**What you should do:** Beginning with the first entry, restate the data word for word and leave out the images.

**Exercise input:**
"""

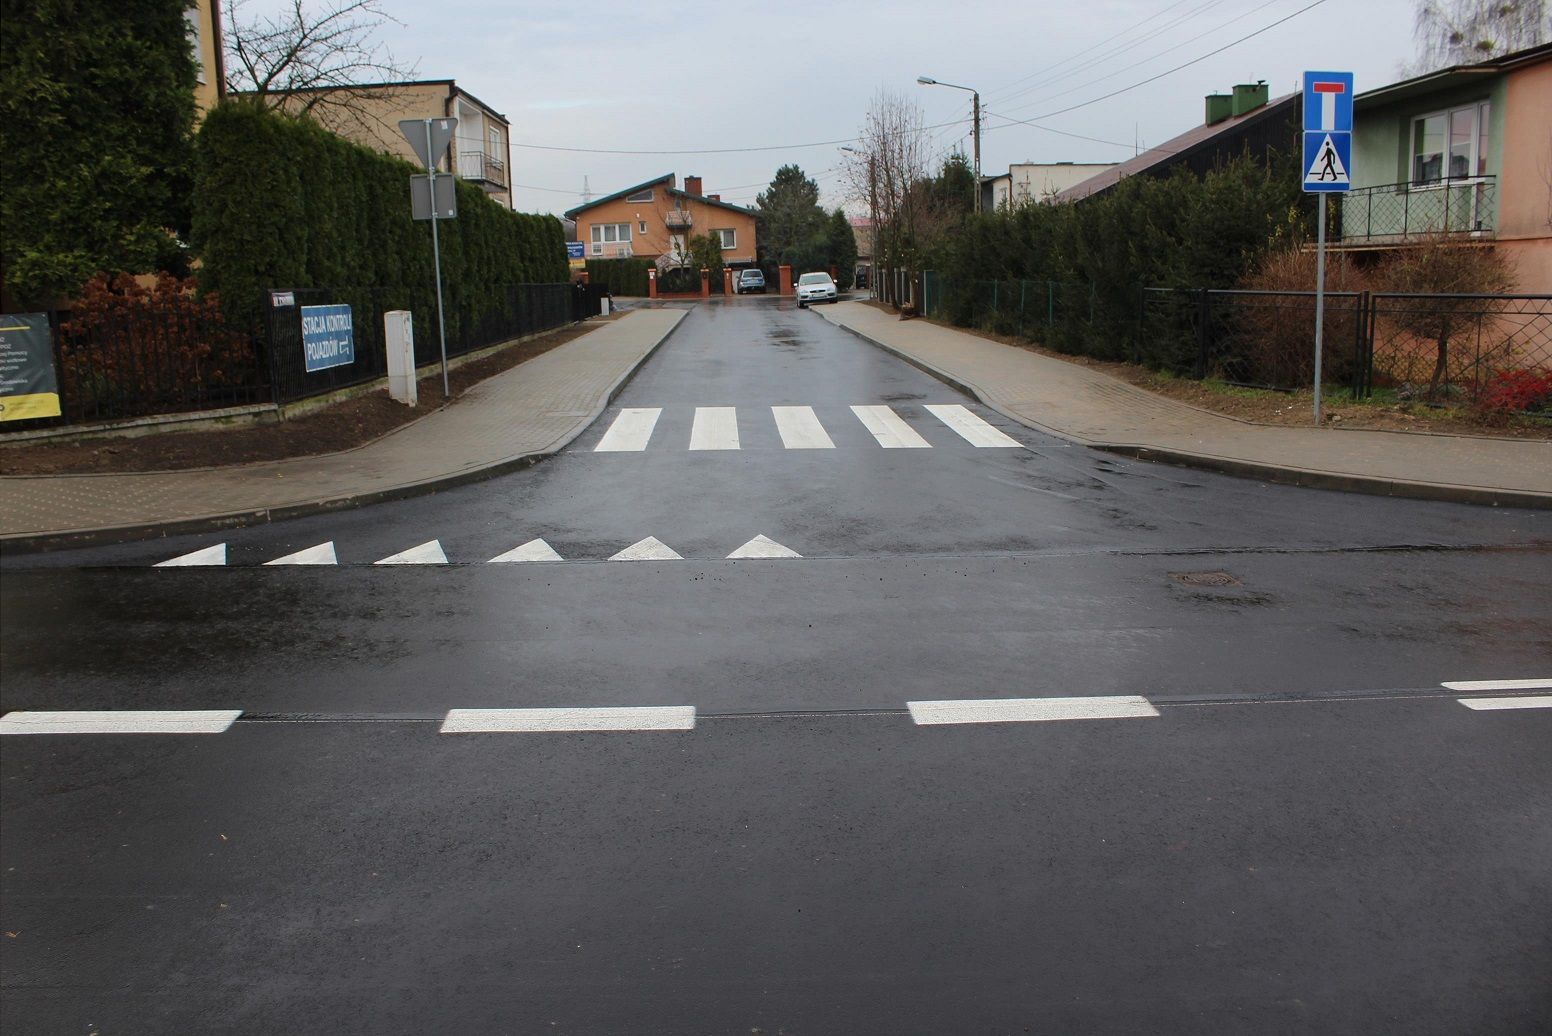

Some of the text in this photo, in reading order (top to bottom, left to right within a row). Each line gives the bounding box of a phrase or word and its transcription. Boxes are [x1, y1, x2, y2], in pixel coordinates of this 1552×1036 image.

[304, 314, 351, 335] STACJA KONTROLI
[307, 337, 338, 360] POJAZDÓW
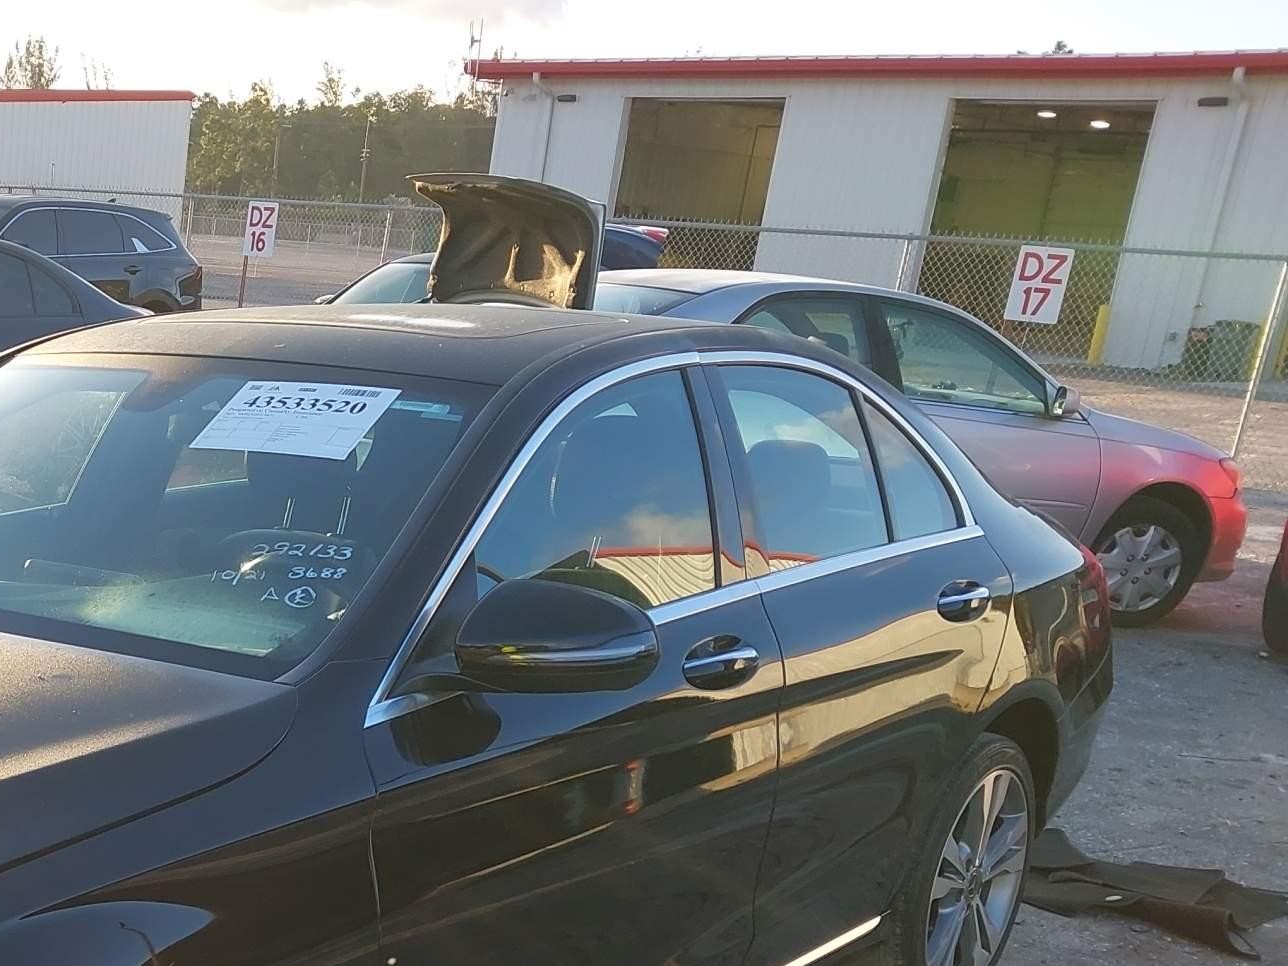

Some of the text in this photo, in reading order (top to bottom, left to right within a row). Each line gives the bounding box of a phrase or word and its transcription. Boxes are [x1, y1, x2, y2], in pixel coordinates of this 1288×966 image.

[249, 206, 275, 228] DZ
[250, 231, 266, 252] 16
[1018, 252, 1068, 284] DZ
[1021, 287, 1051, 316] 17
[242, 395, 367, 415] 43533520

"""

**Exercise answer:**
Some of the text in this photo, in reading order (top to bottom, left to right within a row). Each line gives the bounding box of a phrase or word and its transcription. Boxes are [x1, y1, x2, y2], in pixel coordinates of this 1552×1036 image.

[304, 314, 351, 335] STACJA KONTROLI
[307, 337, 338, 360] POJAZDÓW

Some of the text in this photo, in reading order (top to bottom, left to right within a row). Each line gives the bounding box of a phrase or word and its transcription. Boxes are [x1, y1, x2, y2], in pixel coordinates of this 1288×966 image.

[249, 206, 275, 228] DZ
[250, 231, 266, 252] 16
[1018, 252, 1068, 284] DZ
[1021, 287, 1051, 316] 17
[242, 395, 367, 415] 43533520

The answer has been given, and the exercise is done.